Like anything else, there's potentially two sides to the story. There also have been a few studies that point to potential pitfalls of consuming chile peppers.

  • The NCBI found increased skin carcinogenesis in mice to be associated with chronic, long-term topical capsaicin exposure when the mice were also treated with a tumor promoter. Suggesting results could imply using caution in topical capsaicin application in the presence of a tumor promoter, such as sunlight.
  • A 2002 study that analyzed patients diagnosed with gallbladder cancer in Chile, found that those with the disease were, statistically speaking, of lower social-economic levels, had a much longer history of gallstone disease as well as a dietary pattern of low fresh fruit intake and high red chile pepper consumption.
  • An interview study of male hospital patients with cancers of the oral cavity linked red chili powder usage (or was it chile powder?) as a two-to-threefold risk factor; with increased dosage linked to increased risk. Though, perhaps these affects can be offset as the same study also found a protective affect from daily vegetable servings as well as once a week fish consumption. Lower levels of fat consumption and tea drinking was also associated with elevated risk levels.
  • A population based study in Mexico City during 1989-1990 found a strong risk factor of gastric cancer for people who were chile pepper consumers. Furthermore, the statistics showed increased consumption led to increased risk. However, when consumption was measured based on frequency per day, no statistically significant trend was observed between consumption frequency and increased risk.

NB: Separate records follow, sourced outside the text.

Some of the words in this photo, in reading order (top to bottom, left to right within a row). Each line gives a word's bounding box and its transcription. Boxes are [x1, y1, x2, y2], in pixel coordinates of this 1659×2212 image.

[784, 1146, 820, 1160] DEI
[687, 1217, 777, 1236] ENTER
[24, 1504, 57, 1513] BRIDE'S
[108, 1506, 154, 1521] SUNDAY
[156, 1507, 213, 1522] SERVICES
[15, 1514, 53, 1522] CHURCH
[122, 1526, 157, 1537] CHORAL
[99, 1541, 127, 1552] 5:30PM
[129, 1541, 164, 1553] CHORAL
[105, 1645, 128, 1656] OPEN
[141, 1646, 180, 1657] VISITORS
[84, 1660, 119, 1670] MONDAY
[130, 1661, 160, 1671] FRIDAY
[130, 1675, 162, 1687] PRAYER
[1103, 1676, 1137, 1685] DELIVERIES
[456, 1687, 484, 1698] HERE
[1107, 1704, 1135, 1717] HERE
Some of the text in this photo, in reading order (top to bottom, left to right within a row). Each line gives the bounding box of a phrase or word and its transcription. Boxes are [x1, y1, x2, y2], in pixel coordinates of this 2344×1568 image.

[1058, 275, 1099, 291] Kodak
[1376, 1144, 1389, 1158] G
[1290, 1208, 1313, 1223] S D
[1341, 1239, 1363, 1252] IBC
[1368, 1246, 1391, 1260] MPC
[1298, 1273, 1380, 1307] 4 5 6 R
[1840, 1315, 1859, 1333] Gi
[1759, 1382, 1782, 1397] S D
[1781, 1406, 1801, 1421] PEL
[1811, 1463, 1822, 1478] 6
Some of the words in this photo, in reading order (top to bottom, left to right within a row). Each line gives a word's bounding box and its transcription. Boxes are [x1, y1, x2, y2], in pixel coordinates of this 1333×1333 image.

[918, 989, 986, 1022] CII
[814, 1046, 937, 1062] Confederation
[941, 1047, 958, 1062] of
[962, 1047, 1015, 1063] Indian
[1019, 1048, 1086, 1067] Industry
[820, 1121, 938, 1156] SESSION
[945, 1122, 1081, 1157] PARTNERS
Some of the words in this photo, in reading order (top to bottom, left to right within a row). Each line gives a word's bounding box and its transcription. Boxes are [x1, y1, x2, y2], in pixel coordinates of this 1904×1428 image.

Like the other studies presented, these studies didn't show that consumption/use of chile peppers caused these ailments. Only that a statistical connection existed between the consumption/use of chiles to the outcomes in those studies.

So What Does This Mean?

In our opinion, the most concerning of the risk assessment studies was the Mexico City study that observed a statistical connection between chile consumption and gastric cancer. While concerning, the study implied that people who moderated their intake, even among those who ate them frequently, fared significantly better than those who described themselves as heavy chile pepper consumers.

From our perspective, the pros outweigh the cons. One, they're rich in Vitamins, minerals and antioxidants. Secondly, the two longevity studies, to us, provides the strongest argument as they would seem to factor all the variables into a single outcome. Those two independent studies, conducted on two different continents, found that people who eat spicy food/chiles tend to live longer.

Furthermore, the longevity study conducted in China observed that people who eat spicy food more often tended to live longest. It's interesting that in the Mexico City study, that the frequency of intake didn't affect risk, but the level of consumption did. Perhaps more often is better than more, and moderation is best. Hmmm... Where have we heard that before?

That works for us! Enjoy responsibly.